Homeland: The War on Terror in American Life, Richard Beck

For twenty years after September 11, the war on terror was simultaneously everywhere and nowhere. With all of the military violence occurring overseas even as the threat of sudden mass death permeated life at home, Americans found themselves living in two worlds at the same time. In one of them, soldiers fought overseas so that nothing at home would have to change at all. In the other, life in the United States took on all kinds of unfamiliar shapes, changing people’s sense of themselves, their neighbours, and the strangers they sat next to on aeroplanes.
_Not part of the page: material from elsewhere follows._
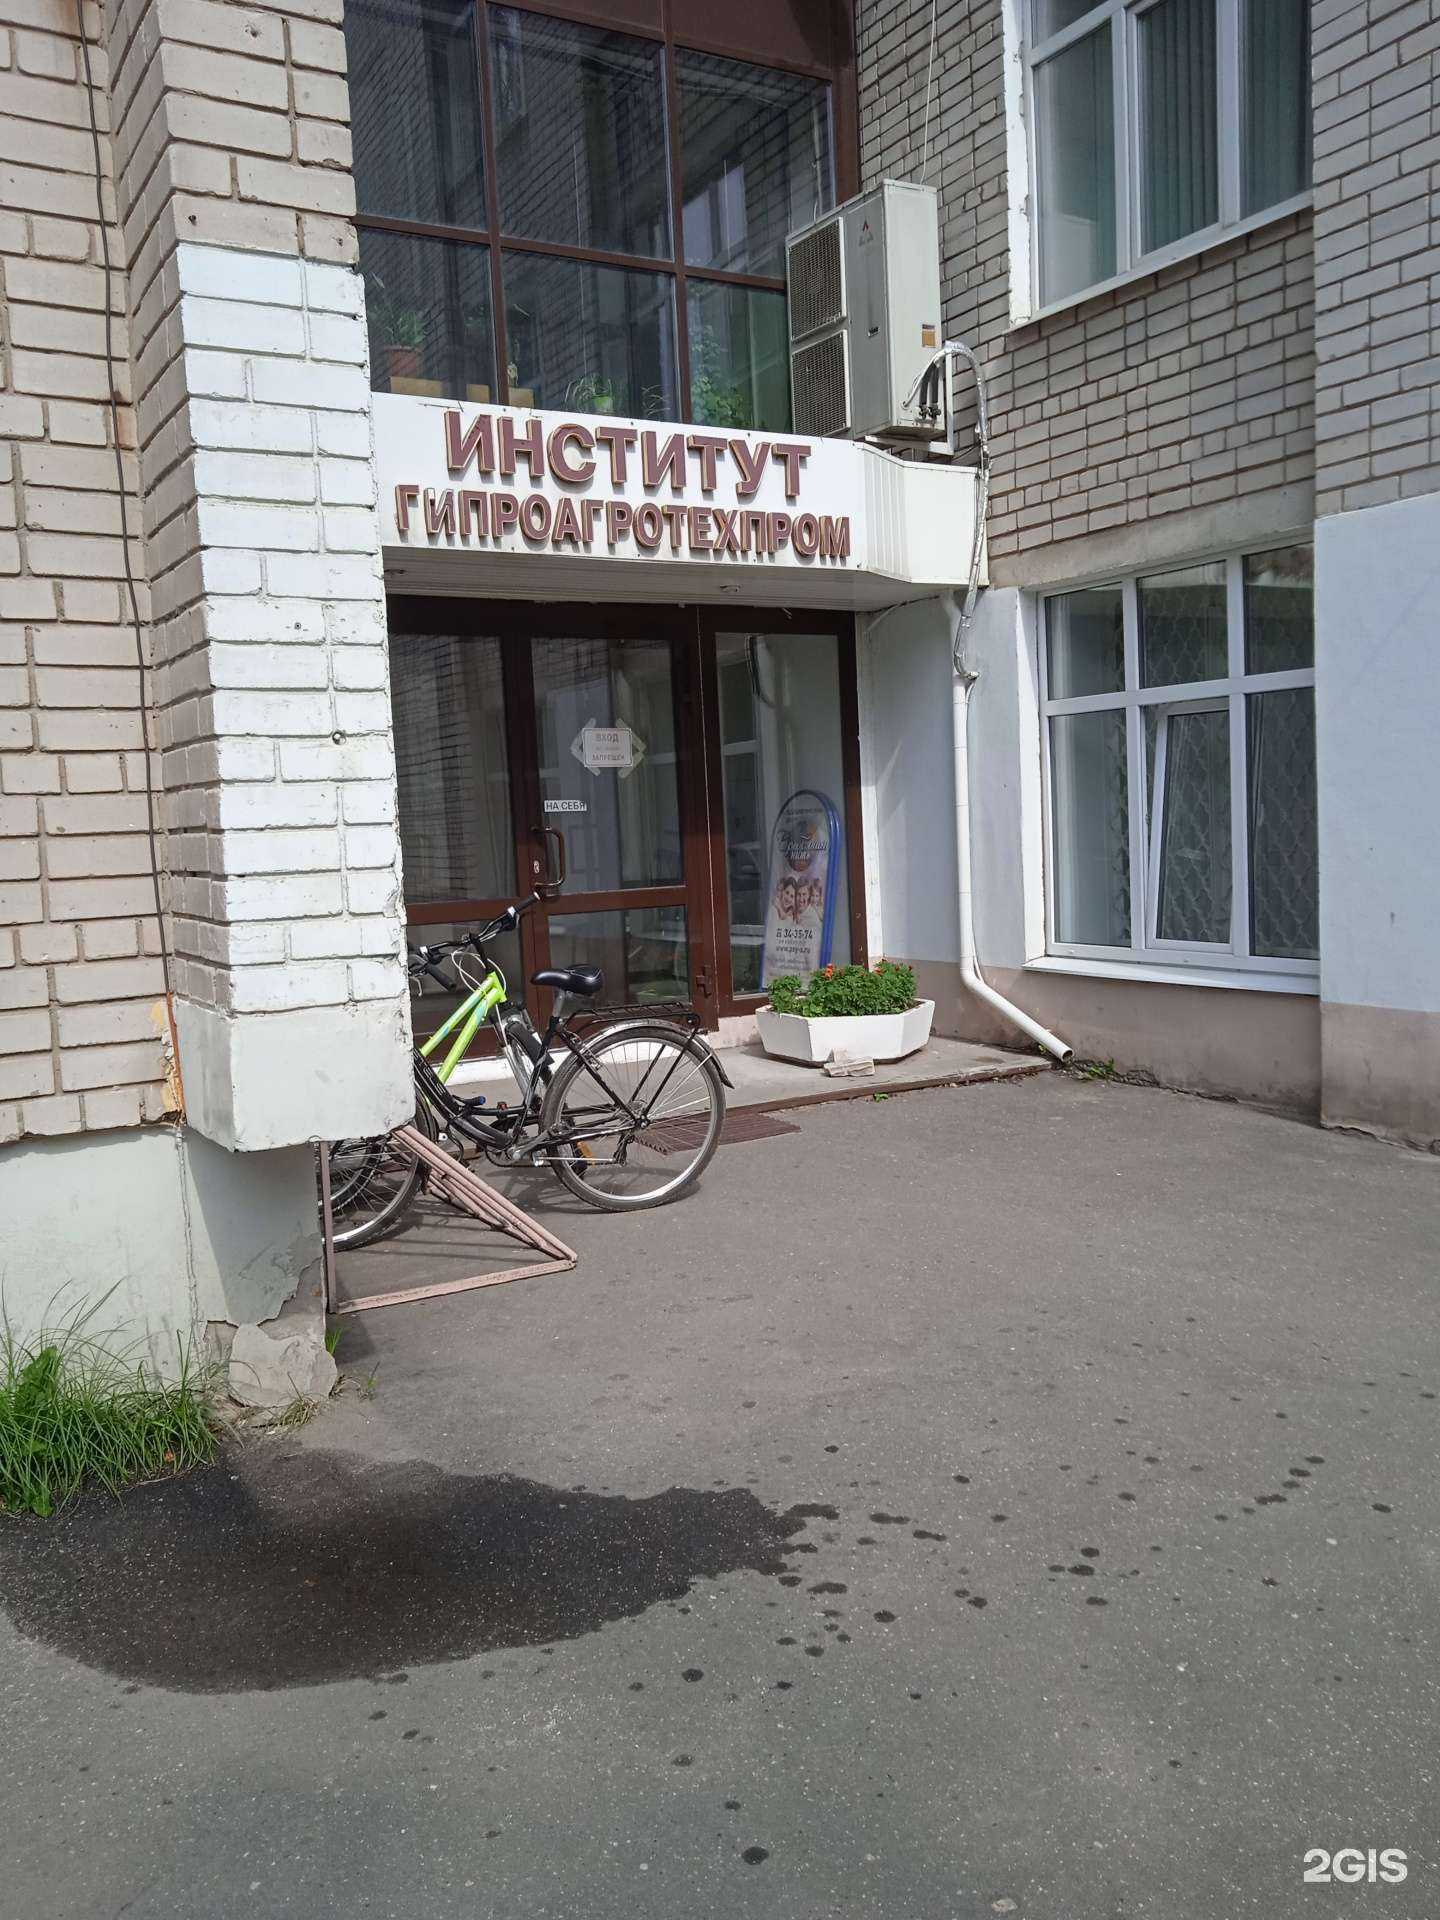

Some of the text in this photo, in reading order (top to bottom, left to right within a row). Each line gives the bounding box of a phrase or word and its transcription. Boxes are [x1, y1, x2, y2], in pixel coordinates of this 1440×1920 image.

In Homeland, Richard Beck delivers a gripping exploration of how much the war changed life in the United States and explains why there is no going back.

Though much has been made of the damage that Donald Trump did to the American political system, Beck argues that it was the war on terror that made Trump’s presidency possible, fueling and exacerbating a series of crises that all came to a head with his rise to power. Homeland isolates and explores four key issues: the militarism that swept through American politics and culture; the racism and xenophobia that boiled over in much of the country; an economic crisis that, Beck convincingly argues, connects the endurance of the war on terror to at least the end of the Second World War; and a lack of accountability that produced our “impunity culture” – the government-wide inability or refusal to face consequences that has transformed how the US government relates to the people it governs.

The Ruin of All Witches: Life and Death in the New World, Malcolm Gaskill

In Springfield, Massachusetts in 1651, peculiar things begin to happen. Precious food spoils, livestock ails, property vanishes, and people suffer convulsions as if possessed by demons. A woman is seen wading through the swamp like a lost soul. Disturbing dreams and visions proliferate. Children sicken and die. As tensions rise, rumours spread of witches and heretics and the community becomes tangled in a web of distrust, resentment and denunciation. The finger of suspicion soon falls on a young couple with two small children: the prickly brickmaker, Hugh Parsons, and his troubled wife, Mary.

Drawing on rich, previously unexplored source material, Malcolm Gaskill vividly evokes a strange past, one where lives were steeped in the divine and the diabolic, in omens, curses and enchantments. The Ruin of All Witches captures an entire society caught in an agonised transition between superstition and enlightenment, tradition and innovation.

Empresses of Seventh Avenue: World War II, New York City, and the Birth of American Fashion, Nancy MacDonell

Calvin Klein. Ralph Lauren. Donna Karan. Halston. Marc Jacobs. Tom Ford. Michael Kors. Tory Burch. Today, American designers are some of the biggest names in fashion, yet before World War II, they almost always worked anonymously. The industry, then centred on Seventh Avenue in Manhattan, had always looked overseas for “inspiration” – a polite phrase for what was often blatant copying – because style, as all the world knew, came from Paris.

But when the Nazis invaded France in 1940, the capital of fashion was cut off from the rest of the world. The story of the chaos and tragedy that followed has been told many times – but how it directly affected American fashion is largely unknown.

Defying the naysayers, New York-based designers, retailers, editors, and photographers met the moment, turning out clothes that were perfectly suited to the American way of life: sophisticated, modern, comfortable, and affordable. By the end of the war, “the American Look” had been firmly established as a fresh, easy elegance that combined function with style. But none of it would have happened without the influence and ingenuity of a small group of women who have largely been lost to history.

Empresses of Seventh Avenue will tell the story of how these extraordinary women put American fashion on the world stage and created the template for modern style – and how the nearly $500 billion American fashion industry, the largest in the world, could not have accrued its power and wealth without their farsightedness and determination.